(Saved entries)

-----

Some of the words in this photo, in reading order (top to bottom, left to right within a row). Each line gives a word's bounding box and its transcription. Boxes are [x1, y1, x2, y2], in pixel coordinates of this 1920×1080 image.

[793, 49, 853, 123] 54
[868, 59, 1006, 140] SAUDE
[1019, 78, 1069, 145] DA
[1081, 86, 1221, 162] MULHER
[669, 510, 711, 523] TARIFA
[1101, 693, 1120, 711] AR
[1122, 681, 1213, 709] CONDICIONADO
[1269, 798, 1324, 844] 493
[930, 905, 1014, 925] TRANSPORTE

-----

## Exercise brief
Each entry must be reproduced exactly, with nothing added or dropped.

## Response for this exercise
Some of the words in this photo, in reading order (top to bottom, left to right within a row). Each line gives a word's bounding box and its transcription. Boxes are [x1, y1, x2, y2], in pixel coordinates of this 1920×1080 image.

[793, 49, 853, 123] 54
[868, 59, 1006, 140] SAUDE
[1019, 78, 1069, 145] DA
[1081, 86, 1221, 162] MULHER
[669, 510, 711, 523] TARIFA
[1101, 693, 1120, 711] AR
[1122, 681, 1213, 709] CONDICIONADO
[1269, 798, 1324, 844] 493
[930, 905, 1014, 925] TRANSPORTE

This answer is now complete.